It is much more simple and straightforward than people suggest. walker did not play because he is coming back from an injury and was sent to the dleague to rehabilitate and get minutes, He only came back because of the Pierce injury and is probably way off integrating into the rotation unlike Giddens who has been fit and with the team.
Both Giddens and walker should not be written off and should be developed they have got some good basic abilities and I actually like Walker to succeed more than Giddens. That does not mean he was ready for the Toronto game.
Maybe they can, maybe they can't.
To me, it doesn't matter. This is win now mode. If you can't help the team win this season, then you should be replaced with someone who can.
I disagree with this philosophy. With a 15 man roster there's room for 3-4 projects that you hope could develop into rotation players later in the year or in future years. Using the 15th roster spot on some washed up player based on the slight chance he can help the team in the playoffs seems kind of short sighted.
If there where high potential players, yes.
But when the three players are low in the rotation potential players, what's the point?
High potential players? since when would high-potential players be that low on a roster?
There's nothing wrong with having developing players in the 13-15 slots on a roster, even if they aren't projected to be all-stars. If the C's could get these 3 kids to develop into solid bench players to replace the expiring deals this year, all the better. Granted Giddens is one of those expiring deals at this point but if Hudson, Walker and Giddens were able to develop their games to replace House, Scal and TA for next year, all the better for the C's. Less $ against the luxury tax and players that have been exposed to and learning Doc's system so there's less of a learning curve than there would be if FA's were brought in.

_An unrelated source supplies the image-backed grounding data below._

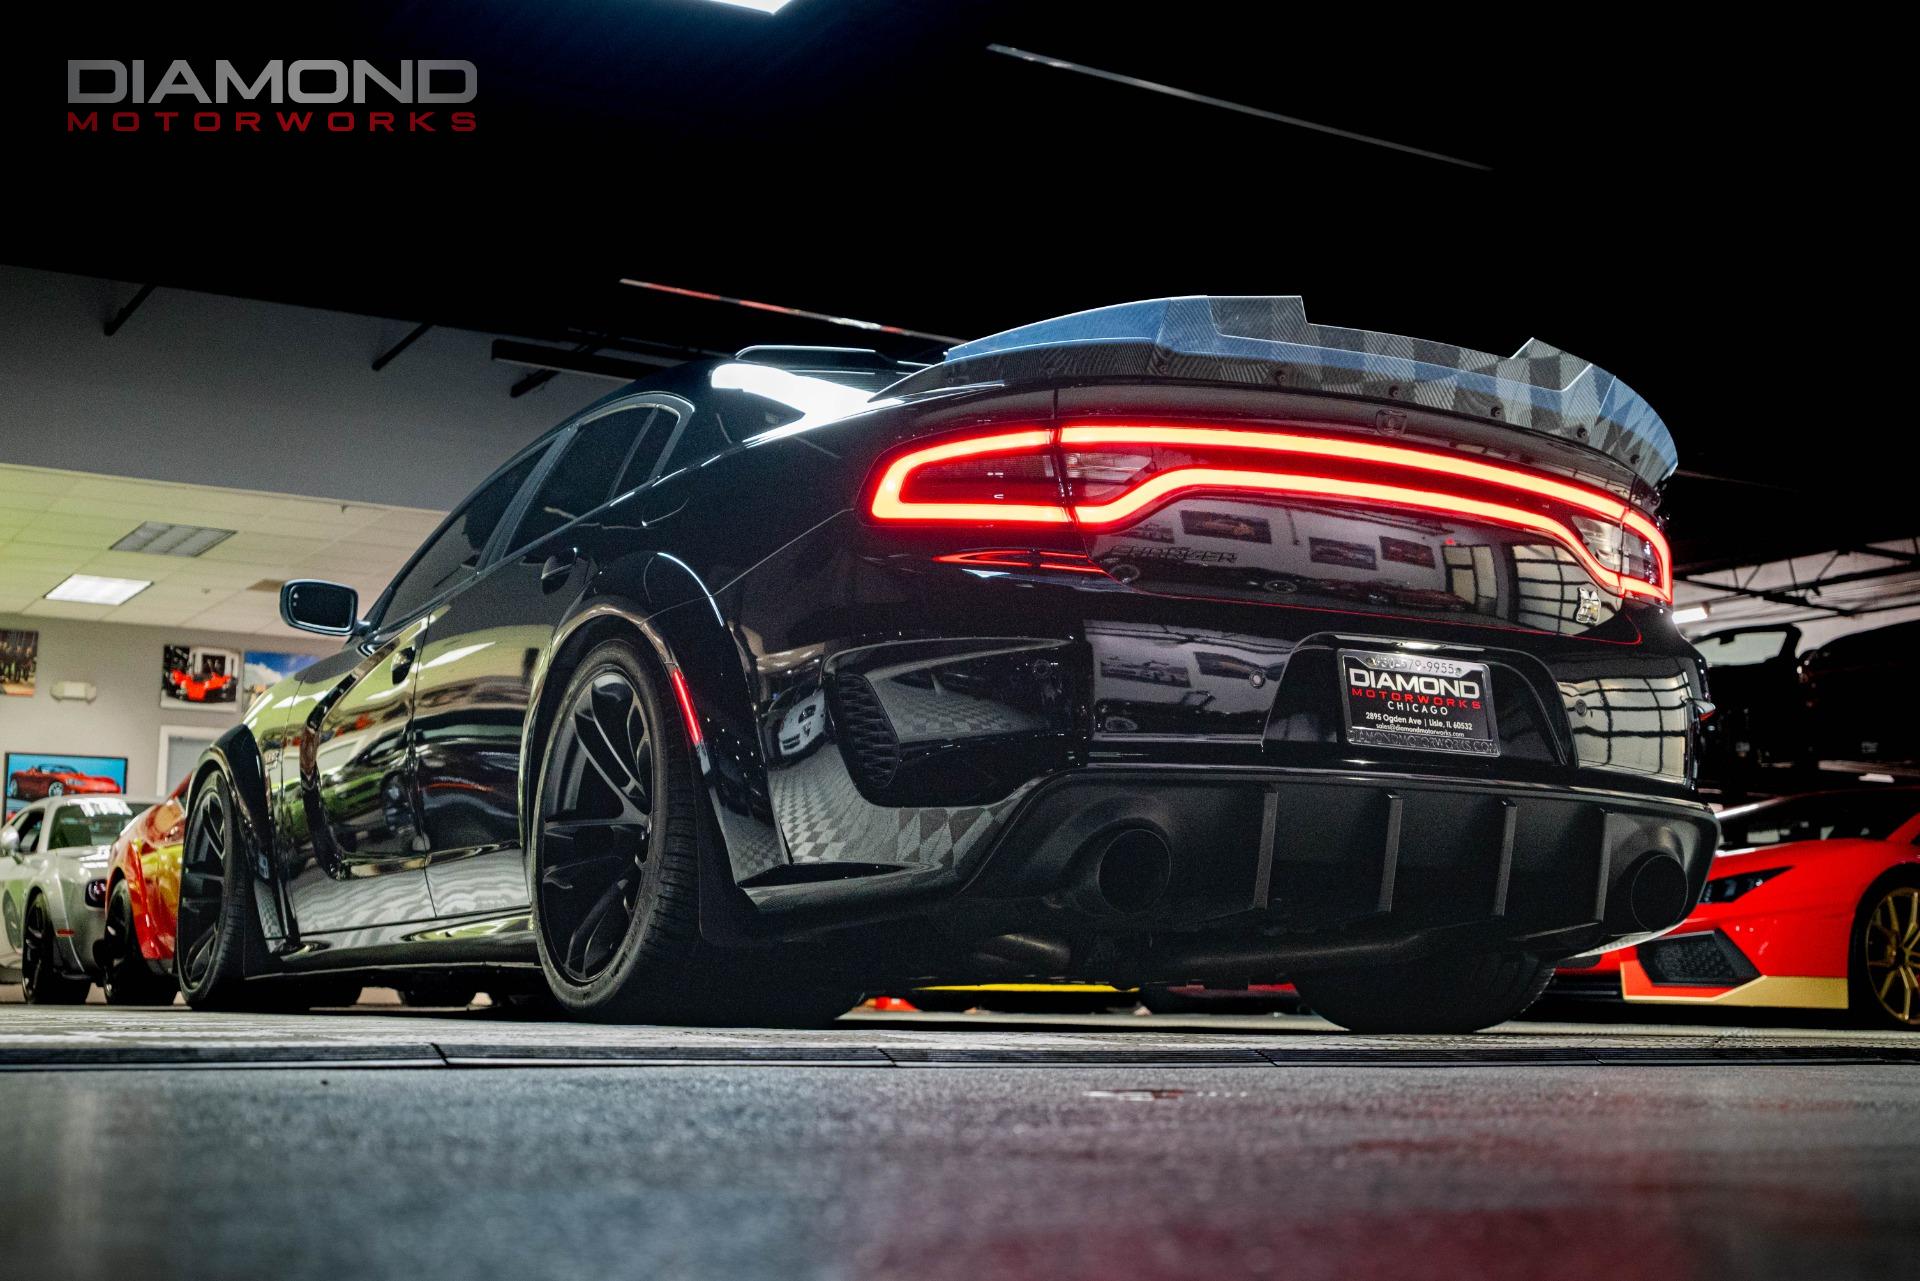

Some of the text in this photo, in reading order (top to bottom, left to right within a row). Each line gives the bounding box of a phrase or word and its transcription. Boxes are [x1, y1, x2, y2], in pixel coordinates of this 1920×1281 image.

[1349, 668, 1480, 699] DIAMOND
[1351, 688, 1481, 709] MOTORWORKS
[1387, 700, 1448, 715] CHICAGO
[1365, 712, 1382, 721] 2895
[1383, 713, 1407, 724] Ogden
[1408, 716, 1422, 725] Ave
[1453, 721, 1473, 730] 60532
[1376, 723, 1465, 737] sales@diamondmotorworks.com

It used to happen all the time.
But the point is why use three roster spaces on guys that might one day become a 10th man? How hard is it to sign a 10th man in the NBA? Very easy. It getting the top 6 or 7 spots filled that is hard.
So why not replace some of them (it is ok to have one non playable players) with guys that can be counted on for spot duty.

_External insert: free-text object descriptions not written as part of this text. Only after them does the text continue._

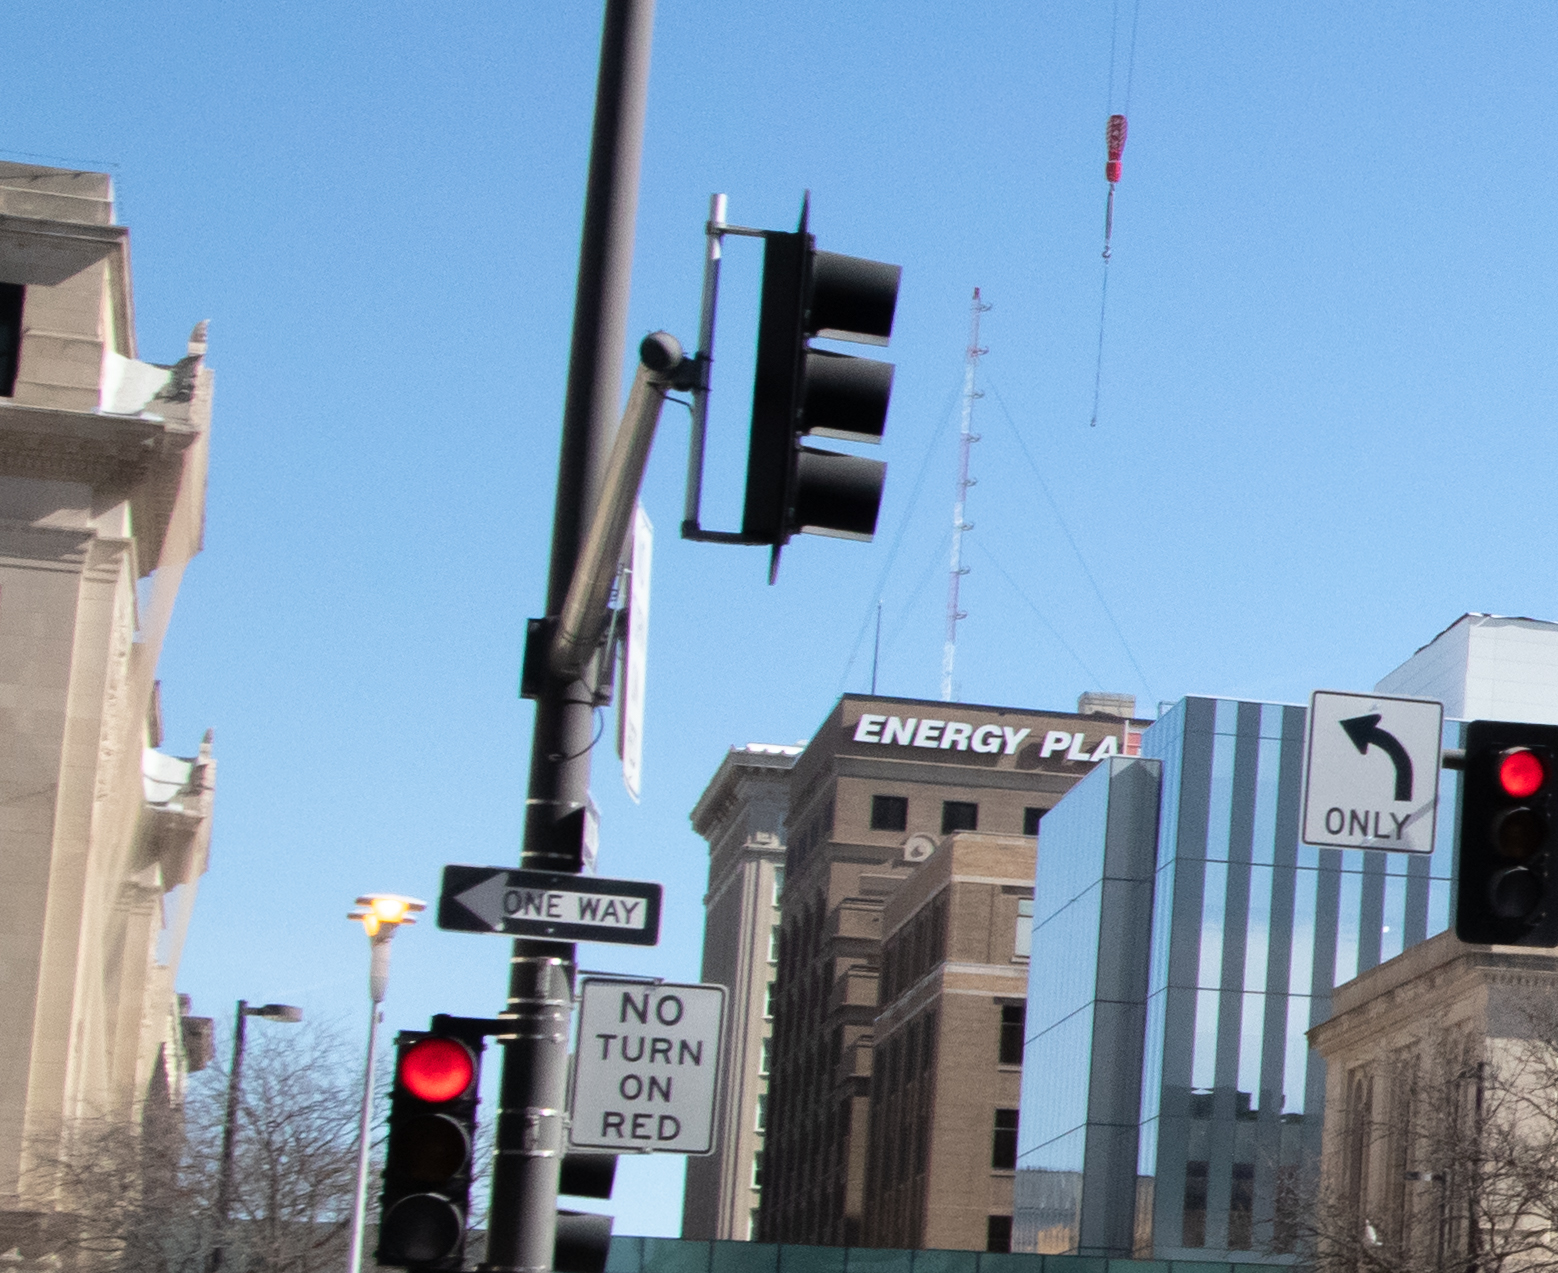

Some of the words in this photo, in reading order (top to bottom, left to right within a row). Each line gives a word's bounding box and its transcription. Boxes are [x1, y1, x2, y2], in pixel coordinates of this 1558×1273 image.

[853, 713, 1031, 755] ENERGY
[1325, 807, 1411, 840] ONLY
[503, 889, 563, 918] ONE
[578, 896, 640, 926] WAY
[619, 991, 684, 1027] NO
[596, 1033, 703, 1067] TURN
[619, 1073, 673, 1103] ON
[601, 1110, 681, 1142] RED

It's easy to sign those players but they'll cost you a couple of million a pop. Plus it's possible that one of the inexperienced players will turn into a regular rotation player in a couple of years. It's even possible that by the end of the year Hudson will be able to give you more than Lue would. 3-4 regular rotation guys (Sheed, Baby, Daniels and House) with 3 guys that can give you minutes in a pinch (Scal, TA, Shelden) is enough. If you're at the point where you're looking for a contribution from players 13-15 you're screwed to begin with.
Wdleehi -- I'm in complete agreement that the development used to happen with teams. I think it still should.
I'm with BballTim on why it still should-->$. Youth costs less and in some cases, have the possibility of developing into better players than a FA vet. I already know what House and Lue can provide. Not a lot. Hudson could provide more and for less $ than either of them.
I already know what Veal provides. Walker could provide more than Veal and for much less $.
Giddens (not likely to be around next year but just go with the trend here) could provide what TA provides but for less $.
None of the players the youth could replace are major rotation players but are current contributors. If we've already got replacements and exposed them to the system, they're ahead of any FA's we'd bring in and with some potential to improve further.
With the C's out of the FA market until at least the big-3's contracts expire (if not longer), the draft is the only opportunity to restock the roster without having to overpay for vets via full MLE or worse, get crappy vets at the min to fill out the roster.